Self-employment test disadvantages disabled

Did you know? • Self-employed may need to show “commercial and profitable, genuine and effective” businesses to get Working Tax Credits. • Self-employed may need to pay themselves the minimum wage for 16-30 hours per week to get Working Tax Credits.

Following the Chancellor’s 2014 Autumn Statement, I raised the following query with HMRC:

From April 2015, self-employed WTC claimants will need to register with HMRC as self-employed.  Those declaring income less than the equivalent of working 24 hours per week at the national minimum wage will also be required to provide evidence to HMRC that the work they are undertaking is “genuine and effective”.  My concern is around disabled people who are working fewer hours – some will be doing so on “permitted work” and still receiving benefits while others may be getting their businesses started or may never work over 16 hours due to their health

The following response has been recently received:

“The Autumn Statement 2014 announced the introduction of a ‘genuine and effective work test’ to ensure that only people meeting the conditions of tax credit entitlement are able to benefit.  In the 2015 Budget the Government has announced that, after further consideration, a revised test will be applied so that in order to qualify for WTC a self-employed claimant will need to be carrying on an activity which is “commercial” and “profitable” or working towards profitability, and is organised and regular.

The test will be applied to the working hours requirement used to qualify for working tax credit as a self-employed claimant.  The working hours requirement will vary between 16 and 30 hours depending on a claimants circumstances in line with the current working tax credit rules. The hours requirement is 16 hours for those entitled to the disability element of working tax credit.

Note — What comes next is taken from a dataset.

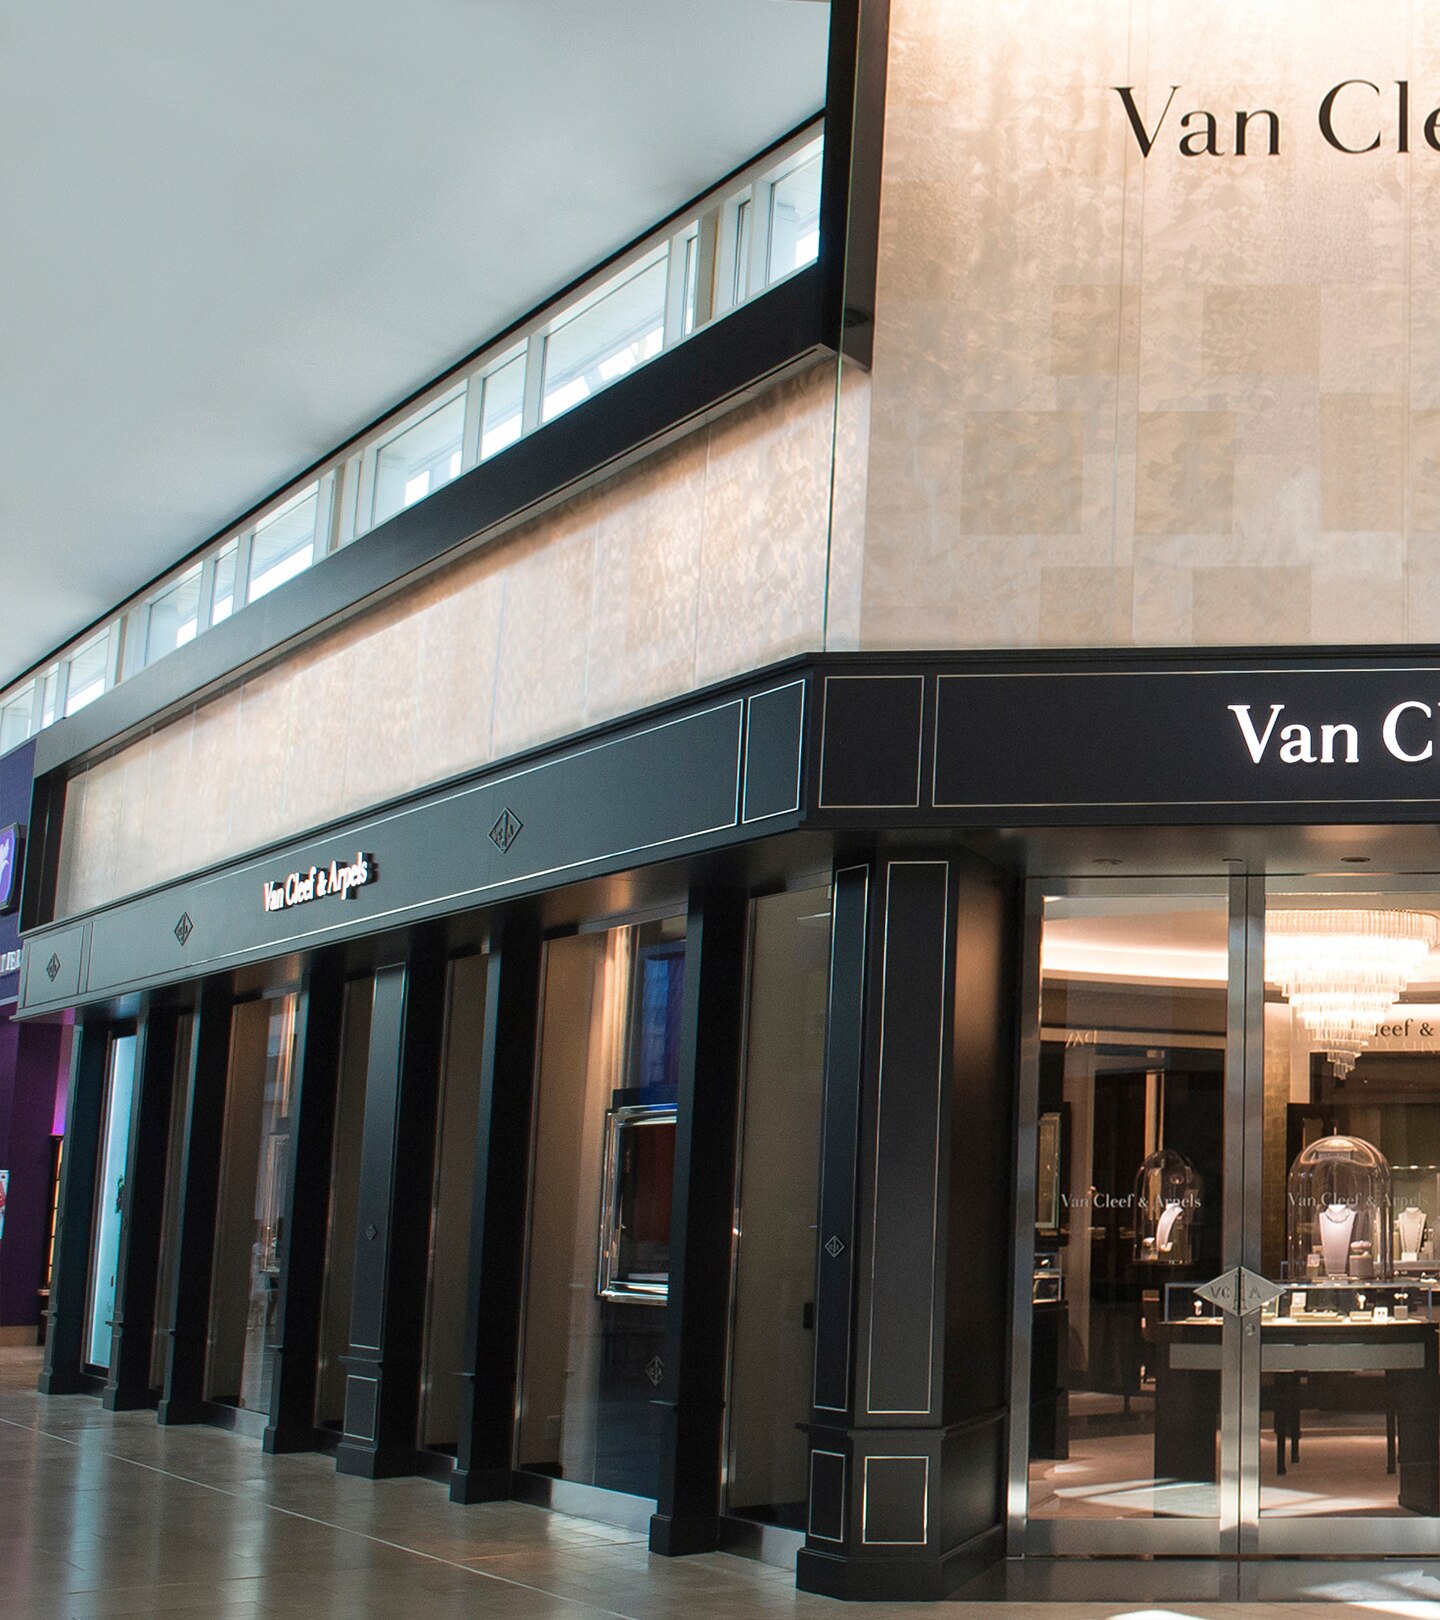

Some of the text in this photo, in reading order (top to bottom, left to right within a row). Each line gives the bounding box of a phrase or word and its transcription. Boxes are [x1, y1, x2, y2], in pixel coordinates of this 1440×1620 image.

If earnings from self-employment fall below an amount equivalent to the working hours requirement x National Minimum Wage (NMW) per week, claimants may be asked to provide evidence to HMRC that their work is commercial and profitable, organised and regular.    HMRC may ask to see business records and, or further supporting documents such as a business plan, future cash flow and profit projections, trade specific documents or information on what work there is in the pipeline.”

Newly self- employed will need to demonstrate how they intend to carry on their self-employment on a commercial basis and how their self-employment will become profitable, organised and regular.

The revised test aligns more closely with principles already established in tax case law on whether a person is self-employed and also the self-employment test used for both Tax Free Childcare and Universal Credit.”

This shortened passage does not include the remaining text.